Toys R Us Acquired by Private Equity
Toys R Us was acquired by a consortium of private equity and real estate firms for $5.7 billion, burdening the company with significant debt.
KB Toys Closure
KB Toys, another long-standing specialty toy retailer, went out of business, highlighting the increasing pressures on dedicated toy stores.
Toys R Us Files for Bankruptcy
Plagued by long-term debt, online competition, and the rise of gaming, Toys R Us filed for Chapter 11 bankruptcy protection.
Toys R Us U.S. Liquidation Announced
Toys R Us announced the liquidation of all its U.S. operations, closing 740 stores and impacting 30,000 jobs, significantly altering the toy retail landscape.
E-commerce Dominance Accelerates
Online sales of toys grew significantly, with NPD Group reporting a 75% year-over-year increase from 2019 to 2020, partly fueled by the pandemic.
Resurgence of Independent Stores and Experiential Retail
Independent and specialty toy retailers found new ways to connect with local families, focusing on unique experiences and community engagement, partly due to supply chain issues favoring in-store selection.
Mastermind Toys Rescued from Bankruptcy
Canadian retailer Mastermind Toys was rescued from bankruptcy, closing 18 stores but preserving 48, highlighting ongoing challenges for mid-sized chains.
U.S. Toy Industry Returns to Growth
After two years of decline, the U.S. toy industry returned to growth in 2025 with dollar sales up 6%, driven by a rebound in demand and higher-value purchases.
Online Sales Dominate Market Share
Online stores captured 58.93% of the toys and games market share in 2025, driven by extensive product selections, competitive pricing, and convenience.
Toys R Us Canada Files for Creditor Protection
Toys R Us Canada filed for creditor protection, having closed 53 stores in the prior two years, with warnings of further closures, indicating continued struggles for the brand.

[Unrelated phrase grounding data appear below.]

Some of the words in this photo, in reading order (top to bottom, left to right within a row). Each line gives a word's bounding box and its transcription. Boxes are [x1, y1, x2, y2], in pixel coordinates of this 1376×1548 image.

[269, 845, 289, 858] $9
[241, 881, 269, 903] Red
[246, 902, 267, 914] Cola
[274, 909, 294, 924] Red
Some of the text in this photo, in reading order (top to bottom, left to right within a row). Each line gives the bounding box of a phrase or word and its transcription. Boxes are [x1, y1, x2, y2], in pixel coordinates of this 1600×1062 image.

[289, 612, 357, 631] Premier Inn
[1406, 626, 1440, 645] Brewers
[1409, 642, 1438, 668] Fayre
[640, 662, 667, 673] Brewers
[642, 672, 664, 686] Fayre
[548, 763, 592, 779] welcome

Lowe's Launches MrBeast Kids Club Workshops
Lowe's announced a new series of in-store MrBeast-inspired Kids Club workshops, offering buildable toy experiences to engage children beyond screens, exemplifying the experiential retail trend.
🔍Deep Dive Analysis
The brick-and-mortar toy store industry has experienced a tumultuous journey over the past few decades, fundamentally reshaped by technological advancements and shifting consumer behaviors. Historically, large toy chains like Toys R Us dominated the market, offering vast selections and creating a destination for children and families. However, this dominance began to erode with the rise of big-box retailers like Walmart and Target in the late 20th century, which used toys as loss leaders to drive foot traffic, making it difficult for dedicated toy stores to compete on price.

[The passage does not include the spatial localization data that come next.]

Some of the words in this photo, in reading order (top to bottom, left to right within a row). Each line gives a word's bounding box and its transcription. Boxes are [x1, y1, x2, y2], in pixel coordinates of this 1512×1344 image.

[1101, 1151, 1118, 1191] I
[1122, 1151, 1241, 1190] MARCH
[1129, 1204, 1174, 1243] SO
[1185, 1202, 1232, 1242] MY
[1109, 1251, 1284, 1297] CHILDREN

The advent of e-commerce, particularly Amazon, delivered a significant blow. Online platforms offered unparalleled convenience, broader selections, and competitive pricing, allowing consumers to easily compare prices and shop from home. This shift led to a decline in impulse buys that were once a staple of physical toy stores. The most significant turning point was the bankruptcy and subsequent liquidation of Toys R Us in the U.S. and U.K. in 2018, which sent shockwaves through the entire toy industry. The closure of 735 stores flooded the market with discounted products, further impacting sales for remaining retailers and leaving a void that other general merchandise stores and online platforms quickly filled.
In the wake of these challenges, the narrative of a 'retail apocalypse' for physical stores emerged. However, the industry has shown remarkable adaptability. Independent toy stores, in particular, have found new ways to thrive by emphasizing personalized customer service, curated selections, and community engagement. The COVID-19 pandemic, while initially disruptive, also sparked a renewed interest in physical shopping due to supply chain issues affecting online availability and a desire for in-person experiences. This period saw a surge in toy sales overall, particularly for categories like puzzles and building sets, as families sought entertainment at home.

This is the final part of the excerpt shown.